December isn’t the most exciting or encouraging month in the gardening year, but it’s the right time to clear the decks ready for the new year. Indoors we refer to spring cleaning, but in the garden the best time to focus on hygiene and tidiness is late autumn or early winter.

Since we’ve become much more mindful of attracting wildlife into our gardens the tightrope we tread between doing good and perpetuating bad has become much narrower. On one hand piles of dead and decaying leaves are good for birds, worms and the many beneficial insects that inhabit our gardens, on the other hand they shelter gardeners’ foes such as slugs and snails. In general one should remove blankets of fallen leaves from the crowns of any plants that stay green over winter, especially those from Mediterranean climes.
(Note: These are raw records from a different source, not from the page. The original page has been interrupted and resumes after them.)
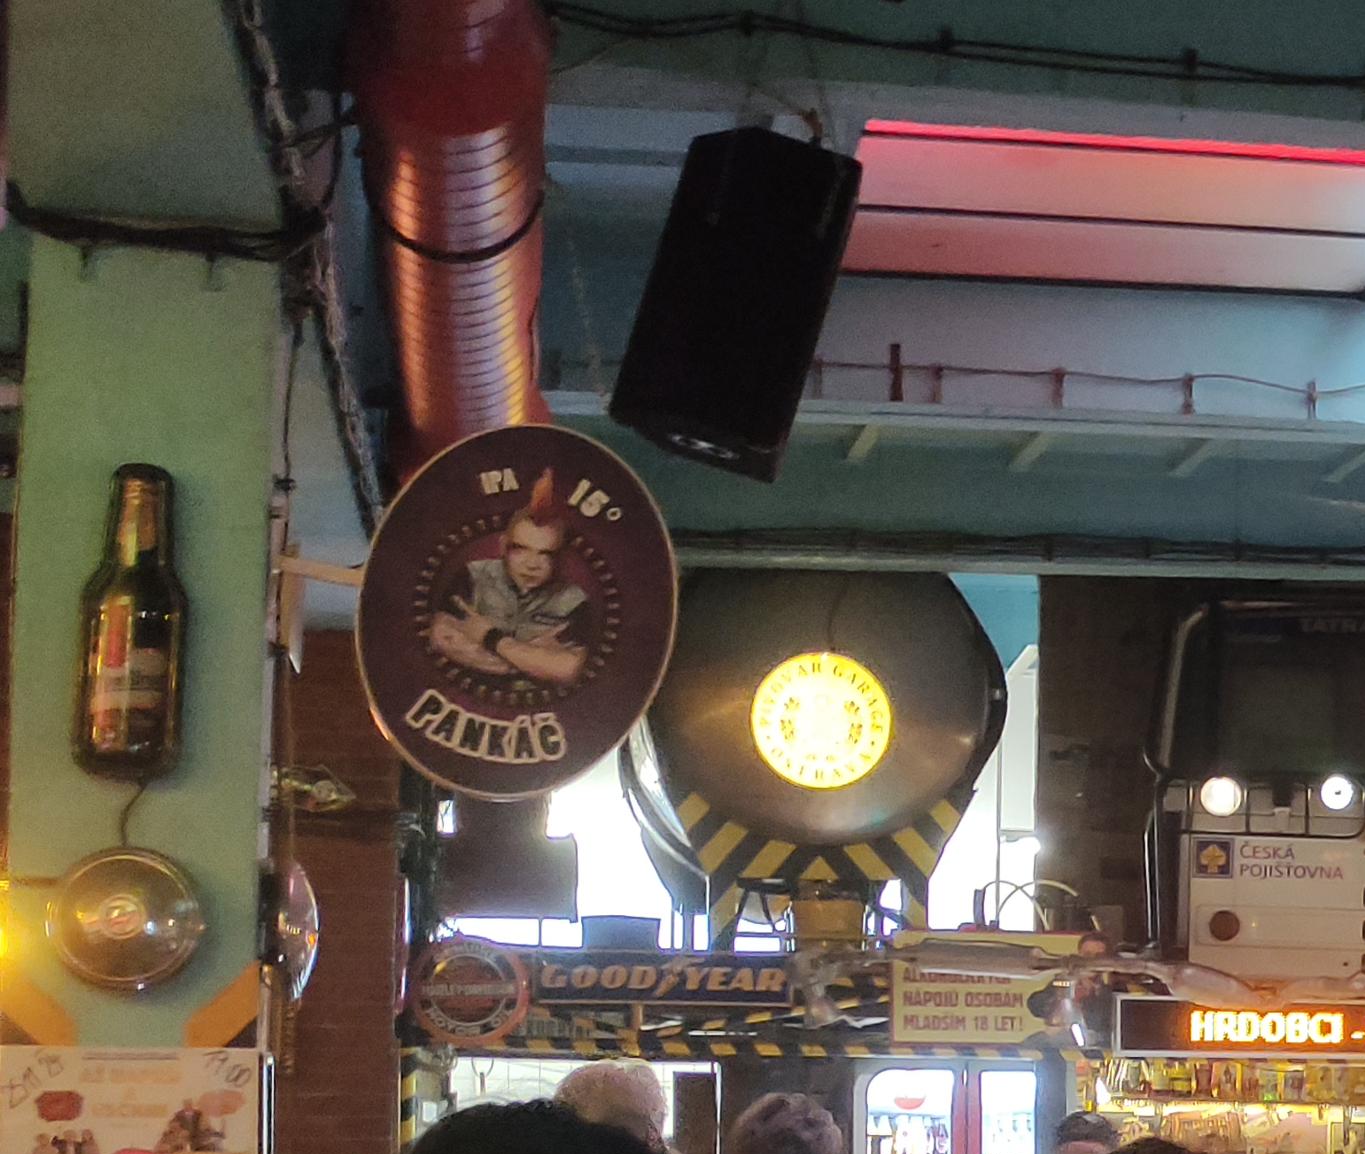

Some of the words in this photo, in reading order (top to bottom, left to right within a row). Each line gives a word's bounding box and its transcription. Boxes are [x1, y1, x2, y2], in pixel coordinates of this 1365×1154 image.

[480, 468, 520, 496] IPA
[1239, 839, 1295, 860] ČESKÁ
[540, 960, 788, 994] GOODYEAR
[974, 1016, 989, 1031] 18
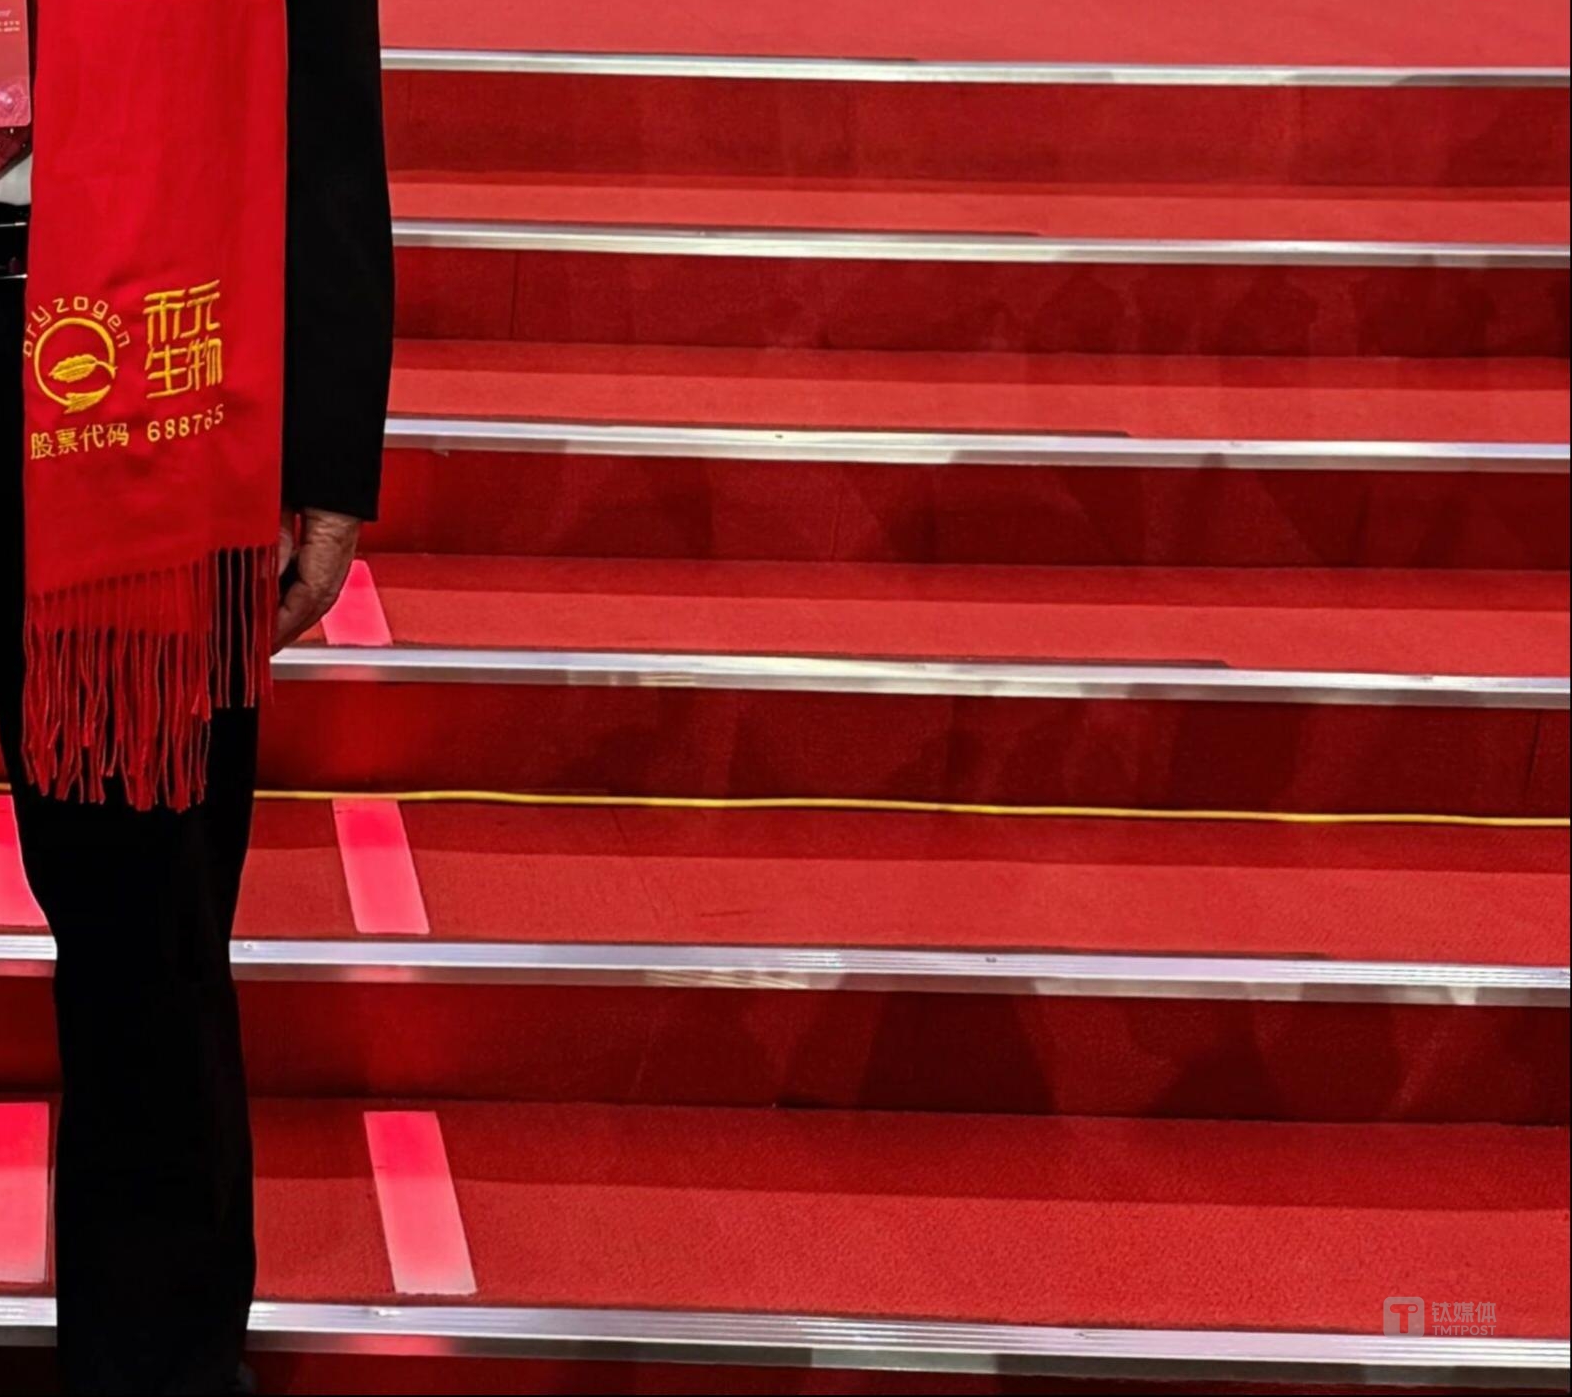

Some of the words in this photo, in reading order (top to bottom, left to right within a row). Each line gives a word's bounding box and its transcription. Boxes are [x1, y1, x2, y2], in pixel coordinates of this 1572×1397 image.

It’s wise to keep paths, cold-frames and greenhouse glass free from slippery, light-reducing foliage.

Greenhouses require a good scrub before winter comes to reduce the chance of pest infestations and to minimise outbreaks of grey mould. I choose a mild day so that my plants are not shocked by having to stand outside for a few hours while I do this. Good ventilation on warmer days will help, as will diligent removal of fallen leaves. I try to minimise watering and avoid splashing foliage at all costs. Winter is also the best time to clean garden tools since these can also be responsible for spreading disease. I am woefully bad at doing this, so, do as I say, not as I do!

Before I bring any plants indoors I go over each one with a fine-tooth comb to make sure I am not inadvertently giving some little blighter a 5 star, all-inclusive winter break. I found a slug in my bath sponge this morning, which even for me is a step too close to nature. TFG.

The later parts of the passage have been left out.